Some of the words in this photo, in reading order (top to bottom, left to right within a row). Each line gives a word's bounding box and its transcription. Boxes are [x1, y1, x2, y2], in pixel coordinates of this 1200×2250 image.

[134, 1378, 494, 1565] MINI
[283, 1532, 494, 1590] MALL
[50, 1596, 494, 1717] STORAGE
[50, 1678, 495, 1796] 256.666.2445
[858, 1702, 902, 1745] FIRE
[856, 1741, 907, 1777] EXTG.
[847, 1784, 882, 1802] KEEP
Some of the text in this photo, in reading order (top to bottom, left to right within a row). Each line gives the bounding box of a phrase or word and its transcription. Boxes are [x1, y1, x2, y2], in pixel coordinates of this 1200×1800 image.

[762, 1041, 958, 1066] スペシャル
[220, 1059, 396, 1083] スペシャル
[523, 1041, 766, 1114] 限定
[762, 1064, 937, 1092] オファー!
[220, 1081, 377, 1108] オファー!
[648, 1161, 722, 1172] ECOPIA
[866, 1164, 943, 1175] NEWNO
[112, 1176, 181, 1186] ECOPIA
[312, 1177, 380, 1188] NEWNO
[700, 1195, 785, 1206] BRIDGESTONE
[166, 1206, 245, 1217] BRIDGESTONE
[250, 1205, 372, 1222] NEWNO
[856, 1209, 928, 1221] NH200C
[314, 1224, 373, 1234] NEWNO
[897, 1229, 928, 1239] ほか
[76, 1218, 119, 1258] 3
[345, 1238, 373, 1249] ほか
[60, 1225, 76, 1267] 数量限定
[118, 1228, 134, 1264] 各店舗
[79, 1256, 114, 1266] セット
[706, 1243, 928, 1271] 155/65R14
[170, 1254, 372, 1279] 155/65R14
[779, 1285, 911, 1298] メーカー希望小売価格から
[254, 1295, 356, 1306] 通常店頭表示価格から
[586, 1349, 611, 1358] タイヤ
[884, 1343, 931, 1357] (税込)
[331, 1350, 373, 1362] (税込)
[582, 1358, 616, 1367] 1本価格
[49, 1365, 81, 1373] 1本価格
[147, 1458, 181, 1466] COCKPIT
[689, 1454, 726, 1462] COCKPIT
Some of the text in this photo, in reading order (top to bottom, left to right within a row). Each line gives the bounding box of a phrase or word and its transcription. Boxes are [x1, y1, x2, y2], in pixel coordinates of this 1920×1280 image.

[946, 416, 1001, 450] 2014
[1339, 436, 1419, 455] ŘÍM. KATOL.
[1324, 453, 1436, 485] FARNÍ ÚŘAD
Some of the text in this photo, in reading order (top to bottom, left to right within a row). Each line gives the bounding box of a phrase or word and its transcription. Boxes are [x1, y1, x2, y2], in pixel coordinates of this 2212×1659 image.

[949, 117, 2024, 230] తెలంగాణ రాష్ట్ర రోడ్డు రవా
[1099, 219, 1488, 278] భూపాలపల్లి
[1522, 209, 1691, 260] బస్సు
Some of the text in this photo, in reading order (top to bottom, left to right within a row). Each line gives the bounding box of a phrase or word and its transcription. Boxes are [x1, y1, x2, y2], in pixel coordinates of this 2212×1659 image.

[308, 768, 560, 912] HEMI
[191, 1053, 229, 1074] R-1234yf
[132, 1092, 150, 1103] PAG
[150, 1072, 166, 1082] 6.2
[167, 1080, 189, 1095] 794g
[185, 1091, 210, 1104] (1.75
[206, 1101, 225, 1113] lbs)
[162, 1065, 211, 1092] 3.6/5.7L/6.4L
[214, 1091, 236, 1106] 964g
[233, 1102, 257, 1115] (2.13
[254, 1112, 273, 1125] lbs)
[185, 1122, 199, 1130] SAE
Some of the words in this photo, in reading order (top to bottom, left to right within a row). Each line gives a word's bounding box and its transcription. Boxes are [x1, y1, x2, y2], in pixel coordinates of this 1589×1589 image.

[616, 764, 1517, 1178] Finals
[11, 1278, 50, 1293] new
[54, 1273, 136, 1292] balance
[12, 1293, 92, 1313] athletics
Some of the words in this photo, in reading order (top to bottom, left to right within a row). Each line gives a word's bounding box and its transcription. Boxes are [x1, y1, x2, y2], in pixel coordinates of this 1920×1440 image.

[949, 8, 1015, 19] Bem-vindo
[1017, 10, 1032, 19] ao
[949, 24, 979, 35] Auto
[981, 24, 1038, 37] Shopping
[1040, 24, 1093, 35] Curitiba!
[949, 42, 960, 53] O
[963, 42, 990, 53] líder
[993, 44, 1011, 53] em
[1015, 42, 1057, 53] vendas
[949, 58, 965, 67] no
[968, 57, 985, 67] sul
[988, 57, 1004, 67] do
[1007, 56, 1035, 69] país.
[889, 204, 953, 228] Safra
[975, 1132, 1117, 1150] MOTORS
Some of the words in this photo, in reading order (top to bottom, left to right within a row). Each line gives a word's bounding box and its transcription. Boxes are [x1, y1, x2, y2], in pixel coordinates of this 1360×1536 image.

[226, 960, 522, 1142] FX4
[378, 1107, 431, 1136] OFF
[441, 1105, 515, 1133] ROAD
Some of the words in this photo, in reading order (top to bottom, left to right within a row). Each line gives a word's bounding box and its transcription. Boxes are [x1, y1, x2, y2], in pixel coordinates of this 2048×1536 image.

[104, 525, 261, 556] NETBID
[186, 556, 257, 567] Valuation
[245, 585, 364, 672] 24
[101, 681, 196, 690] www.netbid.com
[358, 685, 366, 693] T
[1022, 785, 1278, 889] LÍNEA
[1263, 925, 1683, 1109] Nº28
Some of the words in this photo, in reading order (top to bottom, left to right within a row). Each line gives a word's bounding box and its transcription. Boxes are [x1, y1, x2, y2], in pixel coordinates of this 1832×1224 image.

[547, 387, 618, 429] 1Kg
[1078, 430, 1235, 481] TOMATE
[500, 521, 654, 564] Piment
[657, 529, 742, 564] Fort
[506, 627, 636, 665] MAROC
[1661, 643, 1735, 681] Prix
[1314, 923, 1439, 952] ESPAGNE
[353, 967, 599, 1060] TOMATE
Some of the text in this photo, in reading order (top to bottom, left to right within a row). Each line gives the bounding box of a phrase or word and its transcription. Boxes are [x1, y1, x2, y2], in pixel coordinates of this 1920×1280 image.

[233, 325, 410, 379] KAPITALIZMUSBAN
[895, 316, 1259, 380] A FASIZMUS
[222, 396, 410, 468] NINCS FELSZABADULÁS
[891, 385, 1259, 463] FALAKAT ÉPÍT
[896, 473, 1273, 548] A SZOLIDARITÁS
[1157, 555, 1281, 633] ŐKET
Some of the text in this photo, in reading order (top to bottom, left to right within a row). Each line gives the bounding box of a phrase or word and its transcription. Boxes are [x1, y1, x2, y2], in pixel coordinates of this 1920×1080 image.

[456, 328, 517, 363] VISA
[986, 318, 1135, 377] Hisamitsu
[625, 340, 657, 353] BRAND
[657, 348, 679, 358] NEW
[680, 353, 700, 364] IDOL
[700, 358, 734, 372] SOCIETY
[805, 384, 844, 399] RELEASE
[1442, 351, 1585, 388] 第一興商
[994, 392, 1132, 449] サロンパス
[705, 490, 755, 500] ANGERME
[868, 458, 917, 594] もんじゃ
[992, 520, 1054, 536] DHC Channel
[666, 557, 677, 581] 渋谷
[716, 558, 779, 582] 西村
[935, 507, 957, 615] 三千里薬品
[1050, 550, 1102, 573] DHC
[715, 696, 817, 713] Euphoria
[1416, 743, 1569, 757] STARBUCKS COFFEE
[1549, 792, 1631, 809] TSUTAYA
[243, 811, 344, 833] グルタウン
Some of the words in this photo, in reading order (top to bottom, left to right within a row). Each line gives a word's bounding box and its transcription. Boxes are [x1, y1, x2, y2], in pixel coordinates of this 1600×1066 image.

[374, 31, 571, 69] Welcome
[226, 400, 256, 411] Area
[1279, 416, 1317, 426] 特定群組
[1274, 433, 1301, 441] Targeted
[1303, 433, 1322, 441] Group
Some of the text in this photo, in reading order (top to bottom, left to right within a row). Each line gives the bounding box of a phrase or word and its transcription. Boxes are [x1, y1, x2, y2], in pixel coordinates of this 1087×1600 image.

• **EXERCISE**: Print precisely the lines from the one with "this 1600×1066 image." through the end of the data above, adding nothing.

• **YOUR RESPONSE**:
Some of the words in this photo, in reading order (top to bottom, left to right within a row). Each line gives a word's bounding box and its transcription. Boxes are [x1, y1, x2, y2], in pixel coordinates of this 1600×1066 image.

[374, 31, 571, 69] Welcome
[226, 400, 256, 411] Area
[1279, 416, 1317, 426] 特定群組
[1274, 433, 1301, 441] Targeted
[1303, 433, 1322, 441] Group
Some of the text in this photo, in reading order (top to bottom, left to right within a row). Each line gives the bounding box of a phrase or word and its transcription. Boxes are [x1, y1, x2, y2], in pixel coordinates of this 1087×1600 image.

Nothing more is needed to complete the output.